- [Work order]:
Below are records. Transcribe exactly the lines from the one that contains "this 1608×1072 image." through the last line, leaving any pictures out.

[Phrase grounding data]
────────────────────

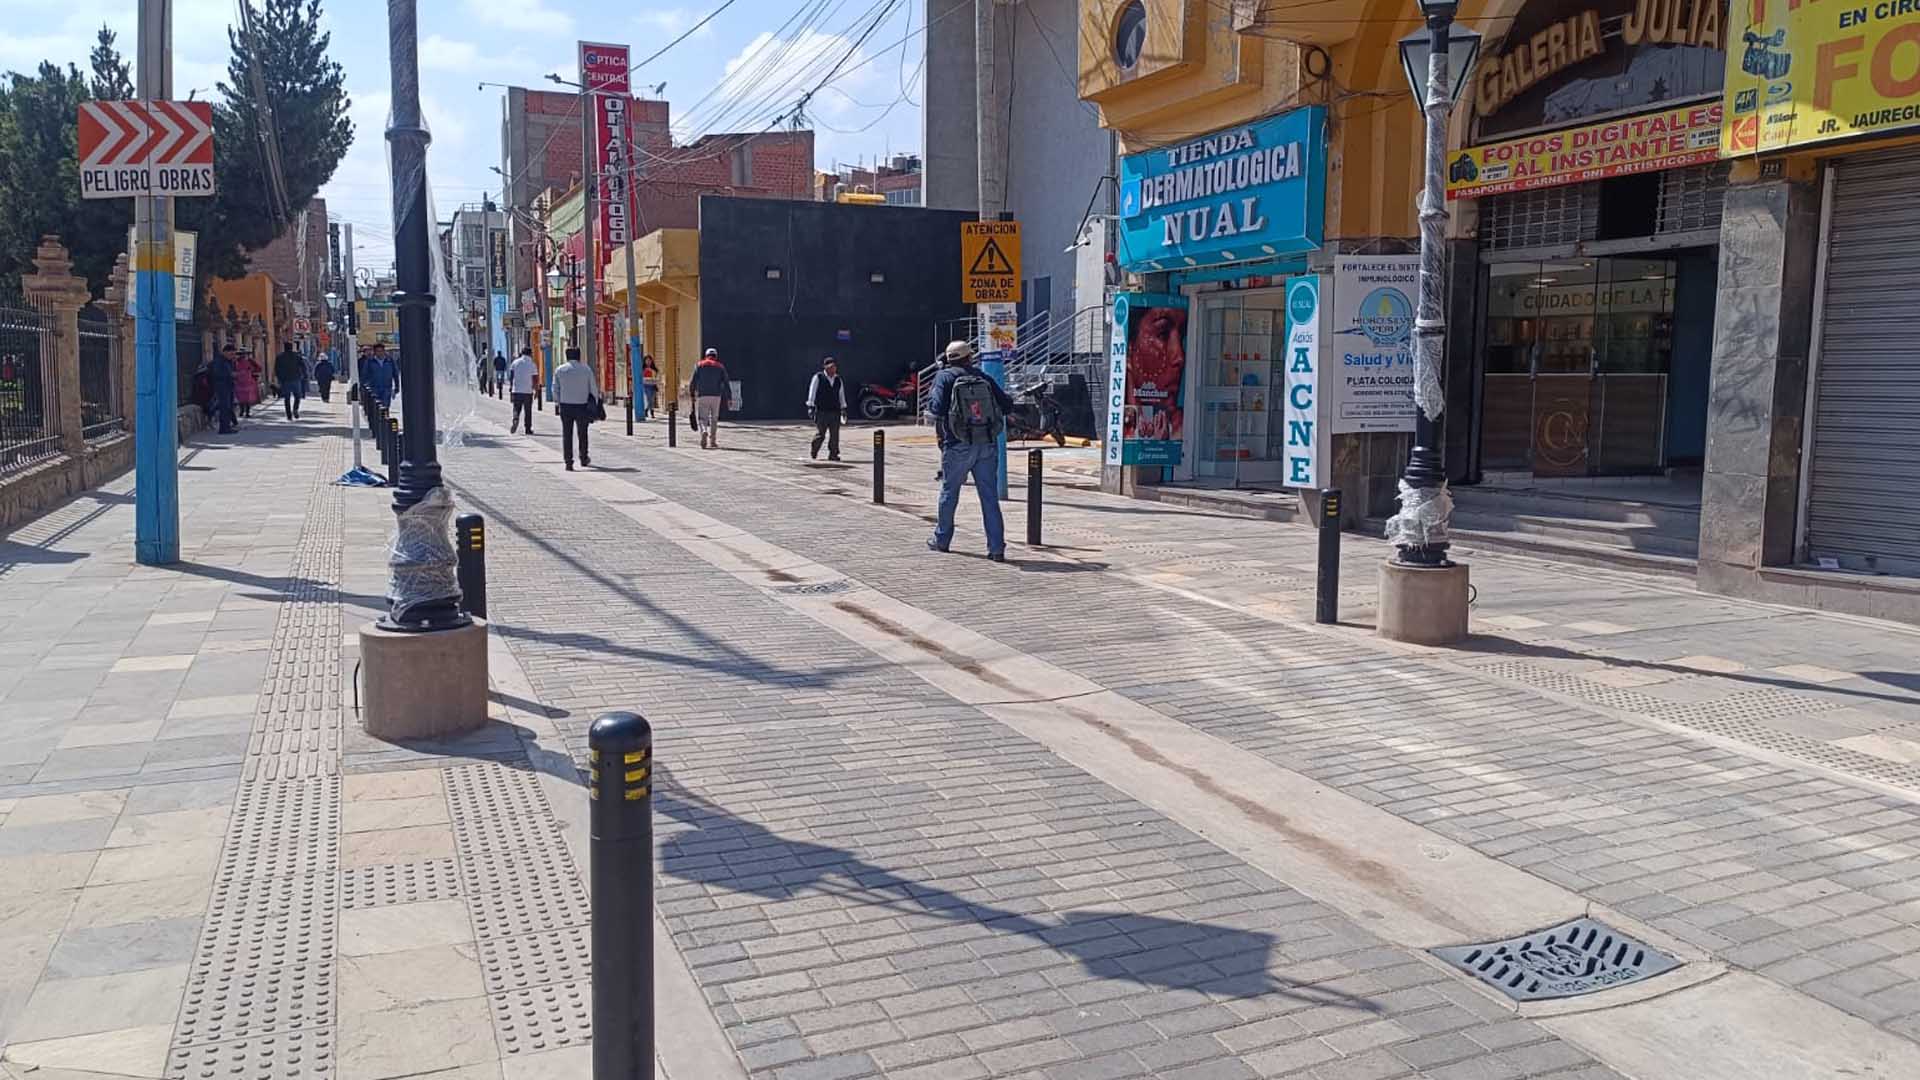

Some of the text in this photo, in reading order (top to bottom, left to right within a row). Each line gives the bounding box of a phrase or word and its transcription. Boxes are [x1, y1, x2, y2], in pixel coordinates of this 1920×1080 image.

[1621, 0, 1725, 48] JULIA
[1839, 6, 1867, 28] EN
[1474, 9, 1603, 117] GALERIA
[1483, 136, 1563, 163] FOTOS
[1573, 105, 1722, 148] DIGITALES
[1817, 118, 1840, 134] JR.
[1167, 128, 1255, 167] TIENDA
[1514, 159, 1542, 177] AL
[1551, 133, 1686, 171] INSTANTE
[83, 168, 212, 192] PELIGRO OBRAS
[1142, 141, 1300, 209] DERMATOLOGICA
[1455, 181, 1514, 197] PASAPORTE
[1526, 173, 1572, 187] CARNET
[966, 224, 1017, 235] ATENCION
[1161, 196, 1265, 246] NUAL
[1399, 263, 1421, 272] SISTE
[969, 278, 1015, 289] ZONA DE
[975, 289, 1009, 300] OBRAS
[1523, 292, 1595, 309] CUIDADO
[1602, 290, 1624, 305] DE
[1631, 288, 1654, 304] LA
[1343, 352, 1414, 368] Salud y Vi
[1346, 376, 1415, 385] PLATA COLOIDA
[1109, 343, 1125, 460] MANCHAS
[1288, 347, 1314, 483] ACNE
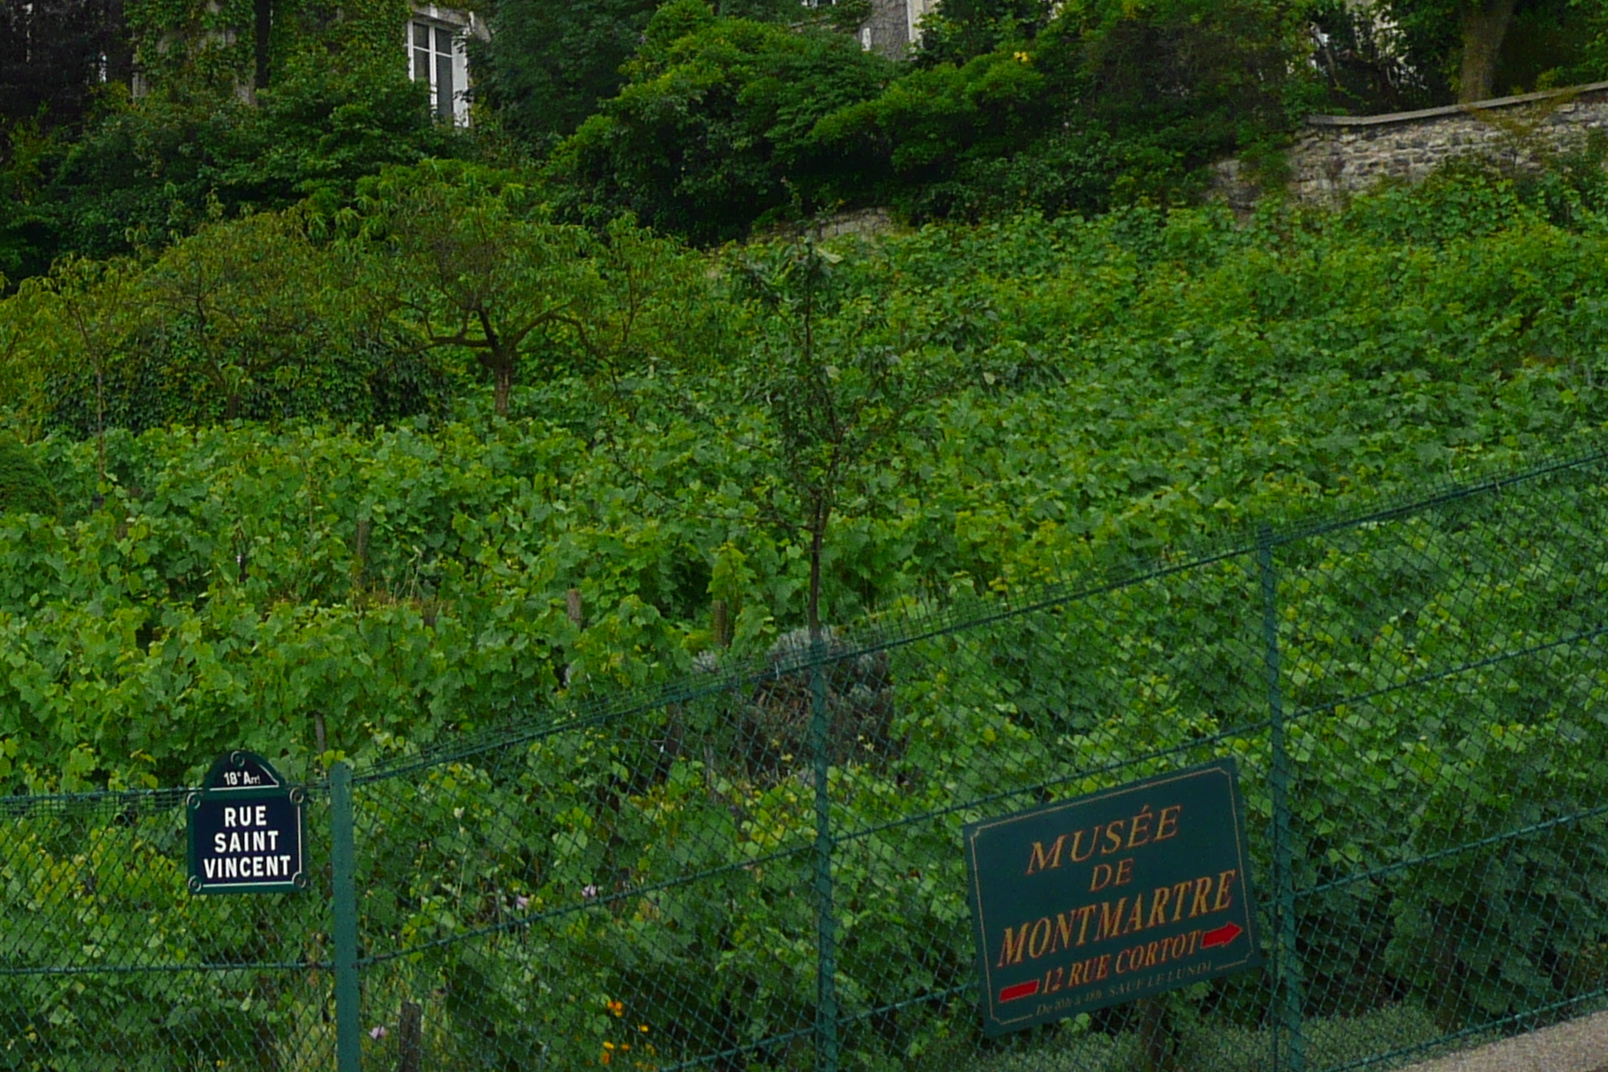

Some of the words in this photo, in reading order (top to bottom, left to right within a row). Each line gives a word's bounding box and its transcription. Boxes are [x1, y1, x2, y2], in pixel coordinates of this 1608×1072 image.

[224, 805, 267, 827] RUE
[214, 830, 279, 853] SAINT
[1025, 804, 1182, 876] MUSÉE
[203, 855, 291, 878] VINCENT
[1088, 858, 1134, 892] DE
[996, 869, 1238, 968] MONTMARTRE
[1042, 967, 1064, 995] 12
[1067, 954, 1112, 988] RUE
[1115, 929, 1203, 974] CORTOT
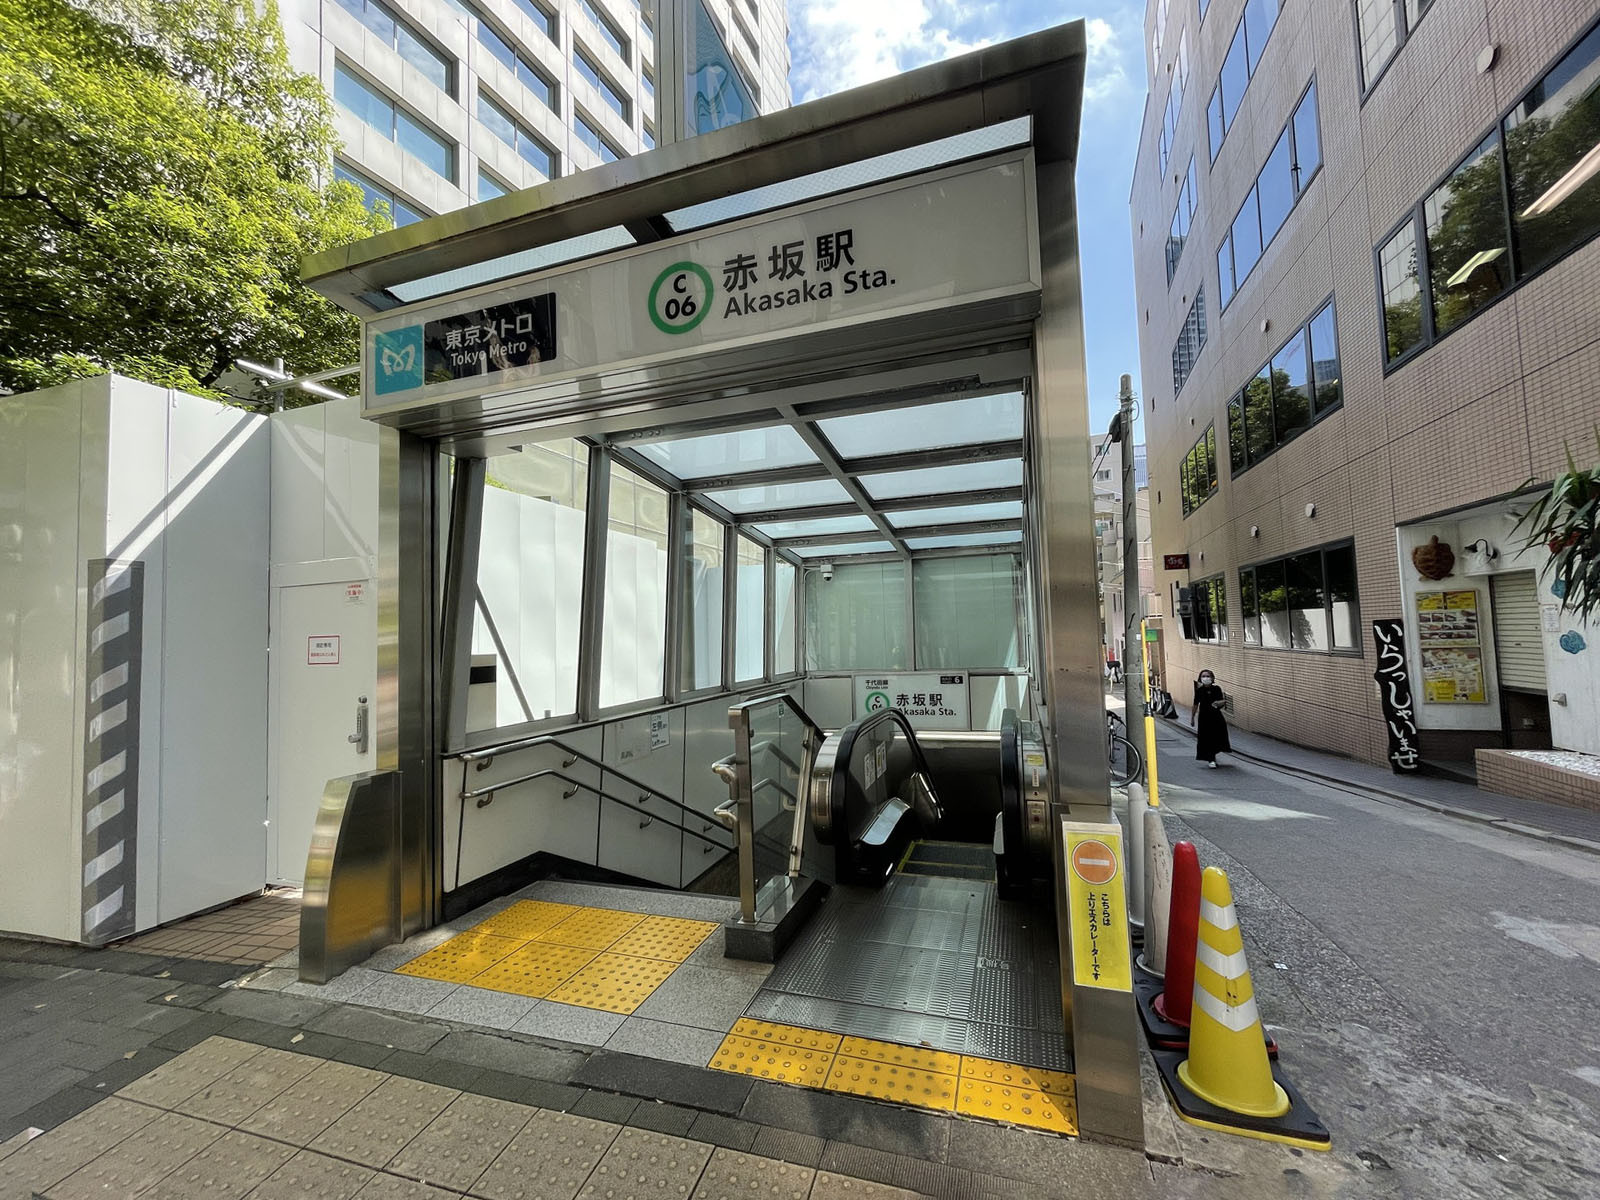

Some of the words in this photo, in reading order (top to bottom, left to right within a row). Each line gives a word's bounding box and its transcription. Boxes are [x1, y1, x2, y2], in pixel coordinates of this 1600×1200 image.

────────────────────

- [Your solution]:
Some of the words in this photo, in reading order (top to bottom, left to right within a row). Each line gives a word's bounding box and its transcription. Boxes are [x1, y1, x2, y2], in pixel coordinates of this 1608×1072 image.

[224, 805, 267, 827] RUE
[214, 830, 279, 853] SAINT
[1025, 804, 1182, 876] MUSÉE
[203, 855, 291, 878] VINCENT
[1088, 858, 1134, 892] DE
[996, 869, 1238, 968] MONTMARTRE
[1042, 967, 1064, 995] 12
[1067, 954, 1112, 988] RUE
[1115, 929, 1203, 974] CORTOT

Some of the words in this photo, in reading order (top to bottom, left to right within a row). Each line gives a word's bounding box and its transcription. Boxes are [x1, y1, x2, y2], in pixel coordinates of this 1600×1200 image.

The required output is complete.